Troviamo che in realtà il corpo sensibile veduto è senz’altro esperito come il corpo dell’altro e non solo come indizio della presenza dell’altro; non è già questo un enigma [R.ätsel]? Come avviene l’identificazione del corpo della mia sfera originale con quello che si costituisce nell’altro ego senza alcuna relazione con il primo e che, una volta acquistata la sua identità, si dice lo stesso corpo organico dell’altro? […] tuttavia l’enigma sorge solo quando ambedue le sfere originali vengono distinte; invece questa distinzione presuppone che l’esperienza dell’estraneo abbia già fatto l’opera sua. Poiché non è qui in questione la genesi temporale di quella specie di esperienza che si fonda su una anteriore esperienza di sé, la soluzione non ci può essere data che da un’esatta esplicazione dell’intenzionalità effettivamente ravvisabile nell’esperienza dell’estraneo e dalla dimostrazione delle motivazioni essenzialmente implicite nell’intenzionalità329.

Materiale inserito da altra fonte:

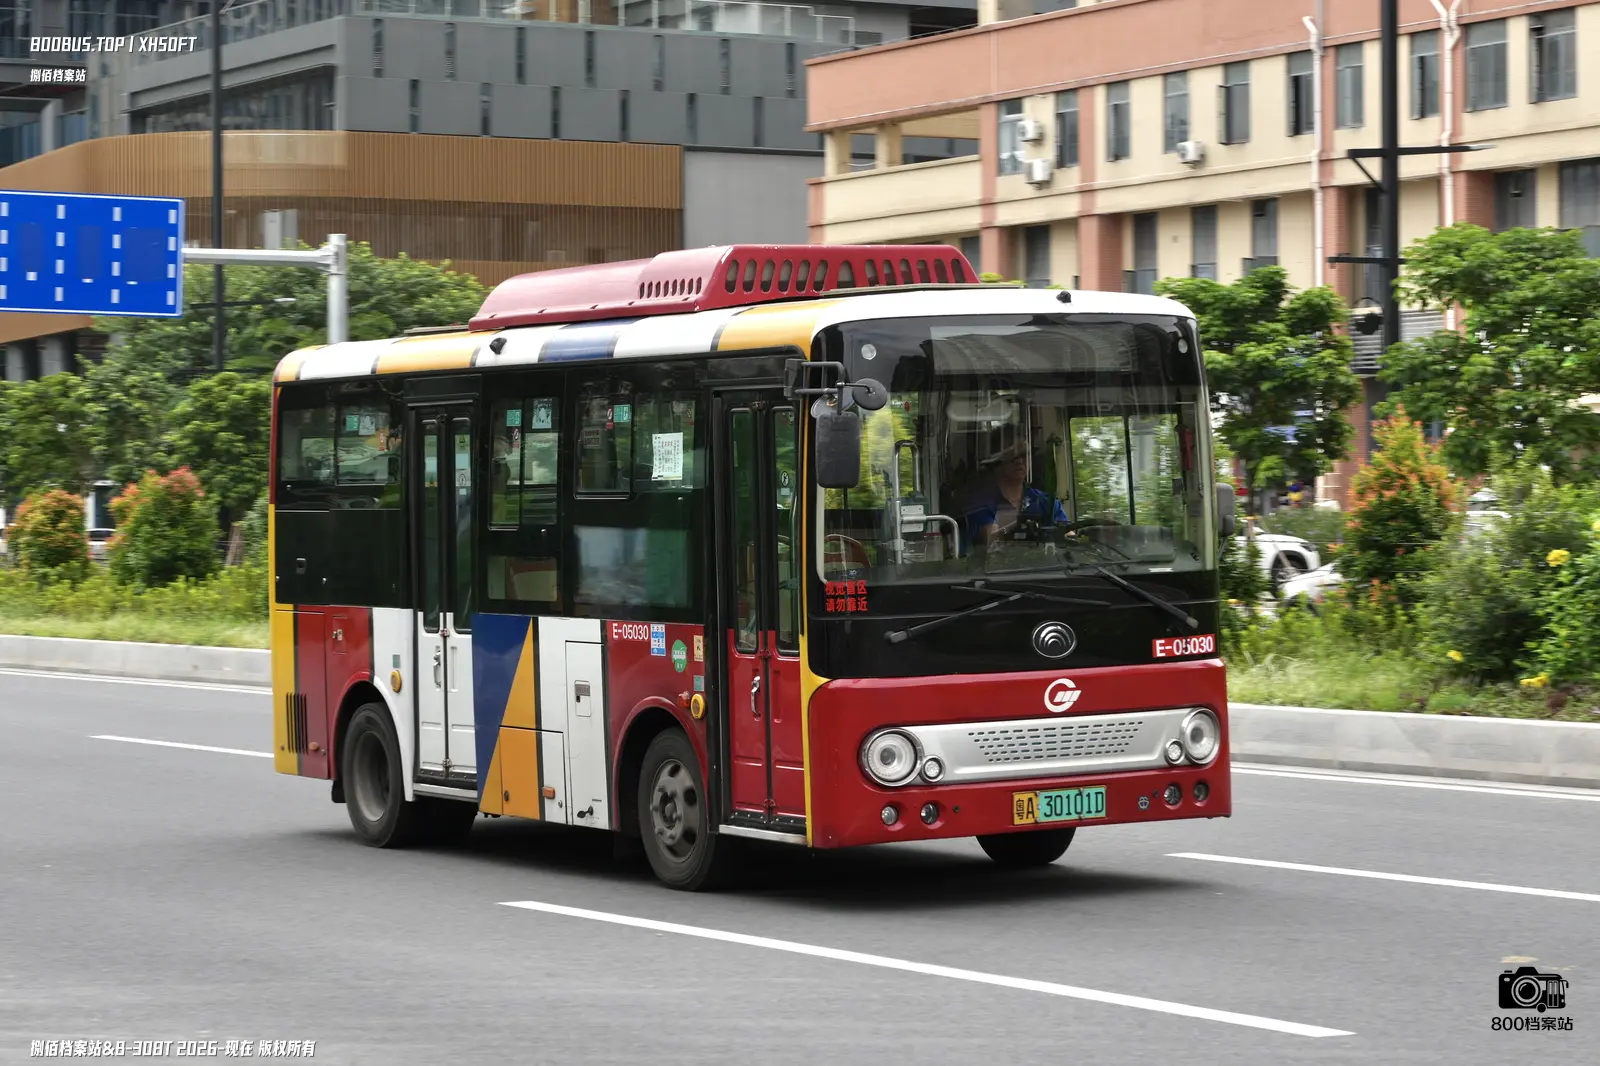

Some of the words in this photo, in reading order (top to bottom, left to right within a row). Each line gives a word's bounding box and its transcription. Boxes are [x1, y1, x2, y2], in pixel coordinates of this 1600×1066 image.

Questo passo risulta fondamentale da più punti di vista. In primo luogo Husserl precisa che il corpo percepito come oggetto del dominio del proprio si presenta subito, in un unico vissuto unitario, con il senso di corpo organico dell’altro. La riduzione al proprio genera l’illusione di una separazione tra i due domini, l’apparenza di una distanza che, nella genesi passiva concreta, non si dà mai e non può mai darsi. Non vi è dunque alcun dominio del proprio che precede e fonda il dominio dell’estraneo: piuttosto la separazione tra proprio ed estraneo è resa possibile dall’appercezione unitaria e passiva di un oggetto come corpo vivo di un alter-ego. In secondo luogo Husserl sostiene esplicitamente che, in questo contesto argomentativo, non è in questione alcuna genesi temporale e alcuna esperienza di sé che preceda l’esperienza dell’altro. Nella passività originaria ogni vissuto motiva, in virtù delle leggi essenziali della genesi, un’intenzione, e ogni riempimento funge da motivante per una successiva intenzione. La coscienza non è e non può essere estranea a sé nel suo fungere passivo: non perché sia pienamente cosciente di sé, al contrario, perché non è in alcun modo cosciente di sé, e non può produrre la propria interna frattura.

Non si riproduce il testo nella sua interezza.